Ahoy there! NASA astronaut Jeff Williams and Russia's Maxim Suraev landed in blustery Kazakhstan this morning, wrapping up a six-month stay aboard the International Space Station. Winds were so high, the crew's Soyuz capsule tipped over on its side at touchdown.
"We're standing out here in blizzard-like conditions," NASA spokesman Josh Byerly, at the landing site in Kazakhstan, said via a NASA broadcast of the 7:24 a.m. EDT landing. "The Russian ground teams are moving fairly quickly through the procedures. They've already moved Jeff and Max to the medical tent."
The crew appeared in good health, though winds dragged their Soyuz capsule 20 to 30 feet after touchdown, Byerly said. The snow was three- to four feet deep.

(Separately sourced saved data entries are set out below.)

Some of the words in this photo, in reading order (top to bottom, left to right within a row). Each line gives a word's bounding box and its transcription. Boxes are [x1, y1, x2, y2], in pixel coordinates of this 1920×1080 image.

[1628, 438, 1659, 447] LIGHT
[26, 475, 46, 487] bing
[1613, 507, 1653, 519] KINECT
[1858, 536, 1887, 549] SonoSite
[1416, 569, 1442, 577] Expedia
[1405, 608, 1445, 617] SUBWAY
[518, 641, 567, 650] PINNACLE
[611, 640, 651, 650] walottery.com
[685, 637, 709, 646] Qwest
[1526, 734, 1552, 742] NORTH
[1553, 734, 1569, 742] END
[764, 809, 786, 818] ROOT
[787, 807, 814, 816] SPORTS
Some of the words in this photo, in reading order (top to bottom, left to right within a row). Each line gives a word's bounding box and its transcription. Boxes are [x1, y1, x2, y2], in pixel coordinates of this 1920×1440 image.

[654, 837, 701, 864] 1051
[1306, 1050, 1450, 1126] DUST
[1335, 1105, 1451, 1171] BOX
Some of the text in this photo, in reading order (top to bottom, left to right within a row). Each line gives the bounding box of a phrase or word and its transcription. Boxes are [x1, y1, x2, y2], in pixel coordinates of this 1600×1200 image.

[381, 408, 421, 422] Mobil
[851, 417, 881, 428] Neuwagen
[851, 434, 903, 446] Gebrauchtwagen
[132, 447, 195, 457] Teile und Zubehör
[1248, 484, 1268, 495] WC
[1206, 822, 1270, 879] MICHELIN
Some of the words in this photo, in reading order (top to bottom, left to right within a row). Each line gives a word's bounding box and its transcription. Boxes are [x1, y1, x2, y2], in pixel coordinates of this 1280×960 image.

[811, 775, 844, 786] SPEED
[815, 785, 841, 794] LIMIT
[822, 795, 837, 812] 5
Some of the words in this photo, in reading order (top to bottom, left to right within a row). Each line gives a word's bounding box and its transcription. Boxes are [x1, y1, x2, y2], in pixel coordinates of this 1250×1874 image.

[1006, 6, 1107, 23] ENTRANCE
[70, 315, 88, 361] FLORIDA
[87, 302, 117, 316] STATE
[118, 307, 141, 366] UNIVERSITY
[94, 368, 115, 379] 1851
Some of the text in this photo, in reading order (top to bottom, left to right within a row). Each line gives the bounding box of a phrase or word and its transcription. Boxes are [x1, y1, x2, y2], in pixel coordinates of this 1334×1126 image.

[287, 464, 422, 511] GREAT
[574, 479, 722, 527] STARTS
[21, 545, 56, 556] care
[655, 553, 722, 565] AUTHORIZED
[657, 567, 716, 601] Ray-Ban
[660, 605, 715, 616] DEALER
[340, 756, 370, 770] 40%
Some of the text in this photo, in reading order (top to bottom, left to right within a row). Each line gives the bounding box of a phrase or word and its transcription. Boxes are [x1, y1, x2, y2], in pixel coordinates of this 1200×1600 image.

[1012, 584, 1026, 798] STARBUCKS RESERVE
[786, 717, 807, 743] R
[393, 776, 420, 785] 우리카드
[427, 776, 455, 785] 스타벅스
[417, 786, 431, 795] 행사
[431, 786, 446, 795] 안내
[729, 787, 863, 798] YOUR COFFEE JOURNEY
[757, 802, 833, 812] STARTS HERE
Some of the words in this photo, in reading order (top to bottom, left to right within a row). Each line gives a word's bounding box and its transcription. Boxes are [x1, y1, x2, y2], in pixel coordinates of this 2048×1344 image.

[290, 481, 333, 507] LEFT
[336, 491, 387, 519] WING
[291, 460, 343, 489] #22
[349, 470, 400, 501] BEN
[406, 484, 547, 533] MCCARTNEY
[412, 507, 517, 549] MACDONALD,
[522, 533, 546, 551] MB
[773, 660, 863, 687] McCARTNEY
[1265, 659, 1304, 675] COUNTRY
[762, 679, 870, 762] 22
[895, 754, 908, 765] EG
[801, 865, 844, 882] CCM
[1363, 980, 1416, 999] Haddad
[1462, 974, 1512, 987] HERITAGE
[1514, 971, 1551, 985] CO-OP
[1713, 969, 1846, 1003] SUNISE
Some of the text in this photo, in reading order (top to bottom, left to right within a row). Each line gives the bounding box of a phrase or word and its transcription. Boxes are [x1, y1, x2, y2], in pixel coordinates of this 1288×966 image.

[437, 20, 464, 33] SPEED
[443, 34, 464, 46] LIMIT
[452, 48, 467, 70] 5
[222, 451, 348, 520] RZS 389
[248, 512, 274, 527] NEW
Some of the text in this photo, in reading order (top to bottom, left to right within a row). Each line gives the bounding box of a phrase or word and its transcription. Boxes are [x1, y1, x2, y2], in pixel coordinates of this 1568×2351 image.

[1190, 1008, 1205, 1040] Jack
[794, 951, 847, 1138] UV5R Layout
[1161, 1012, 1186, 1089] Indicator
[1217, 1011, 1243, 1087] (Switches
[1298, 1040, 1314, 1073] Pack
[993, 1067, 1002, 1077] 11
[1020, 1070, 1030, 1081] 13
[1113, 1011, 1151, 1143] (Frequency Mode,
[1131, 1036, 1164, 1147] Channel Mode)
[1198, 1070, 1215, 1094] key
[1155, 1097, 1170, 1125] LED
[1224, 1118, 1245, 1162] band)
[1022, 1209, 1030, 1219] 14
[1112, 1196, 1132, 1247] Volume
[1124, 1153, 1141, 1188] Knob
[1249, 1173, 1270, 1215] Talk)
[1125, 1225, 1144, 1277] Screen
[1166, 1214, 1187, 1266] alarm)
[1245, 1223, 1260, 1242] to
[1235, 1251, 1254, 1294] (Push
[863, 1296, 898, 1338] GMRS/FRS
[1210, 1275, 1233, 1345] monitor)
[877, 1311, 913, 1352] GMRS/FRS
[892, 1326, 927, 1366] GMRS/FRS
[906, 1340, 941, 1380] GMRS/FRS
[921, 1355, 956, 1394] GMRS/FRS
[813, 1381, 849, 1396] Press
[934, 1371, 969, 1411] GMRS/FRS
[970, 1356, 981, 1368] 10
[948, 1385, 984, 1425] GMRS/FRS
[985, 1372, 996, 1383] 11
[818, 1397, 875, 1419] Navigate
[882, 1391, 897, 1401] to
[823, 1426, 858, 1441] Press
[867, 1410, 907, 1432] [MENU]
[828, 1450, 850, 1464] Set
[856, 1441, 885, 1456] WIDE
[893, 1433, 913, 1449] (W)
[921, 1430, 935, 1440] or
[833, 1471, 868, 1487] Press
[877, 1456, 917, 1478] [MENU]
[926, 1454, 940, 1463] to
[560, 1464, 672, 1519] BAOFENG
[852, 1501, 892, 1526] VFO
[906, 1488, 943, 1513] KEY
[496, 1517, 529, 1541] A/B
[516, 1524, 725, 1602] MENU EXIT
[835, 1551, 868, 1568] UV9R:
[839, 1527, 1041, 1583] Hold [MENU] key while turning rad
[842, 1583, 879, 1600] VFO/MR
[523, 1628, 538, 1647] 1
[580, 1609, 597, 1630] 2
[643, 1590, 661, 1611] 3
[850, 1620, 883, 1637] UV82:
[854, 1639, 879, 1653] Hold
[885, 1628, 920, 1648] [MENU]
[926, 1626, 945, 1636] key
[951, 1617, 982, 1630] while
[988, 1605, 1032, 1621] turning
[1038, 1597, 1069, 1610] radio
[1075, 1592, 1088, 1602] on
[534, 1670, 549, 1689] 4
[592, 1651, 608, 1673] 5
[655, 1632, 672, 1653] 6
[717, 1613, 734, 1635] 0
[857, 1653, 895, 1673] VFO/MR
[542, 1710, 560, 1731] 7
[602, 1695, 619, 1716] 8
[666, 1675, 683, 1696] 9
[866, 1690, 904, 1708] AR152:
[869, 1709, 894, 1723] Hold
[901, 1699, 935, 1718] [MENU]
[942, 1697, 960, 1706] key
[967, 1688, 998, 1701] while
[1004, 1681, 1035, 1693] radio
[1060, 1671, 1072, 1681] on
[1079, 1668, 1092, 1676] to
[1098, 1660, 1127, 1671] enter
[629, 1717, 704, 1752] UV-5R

Three crew members remain aboard the international outpost, a project of 16 countries that is scheduled to be finished this year after more than a decade of construction. Cosmonaut Oleg Kotov, who is now in command of the station, Japan's Soichi Noguchi and NASA's Timothy Creamer will keep things running until a Soyuz capsule with three more crewmembers arrive on April 4. Alexander Skvortsov, Mikhail Kornienko and Tracy Caldwell Dyson won't have too much time to get settled -- seven visitors aboard the space shuttle Discovery are due to arrive on April 7.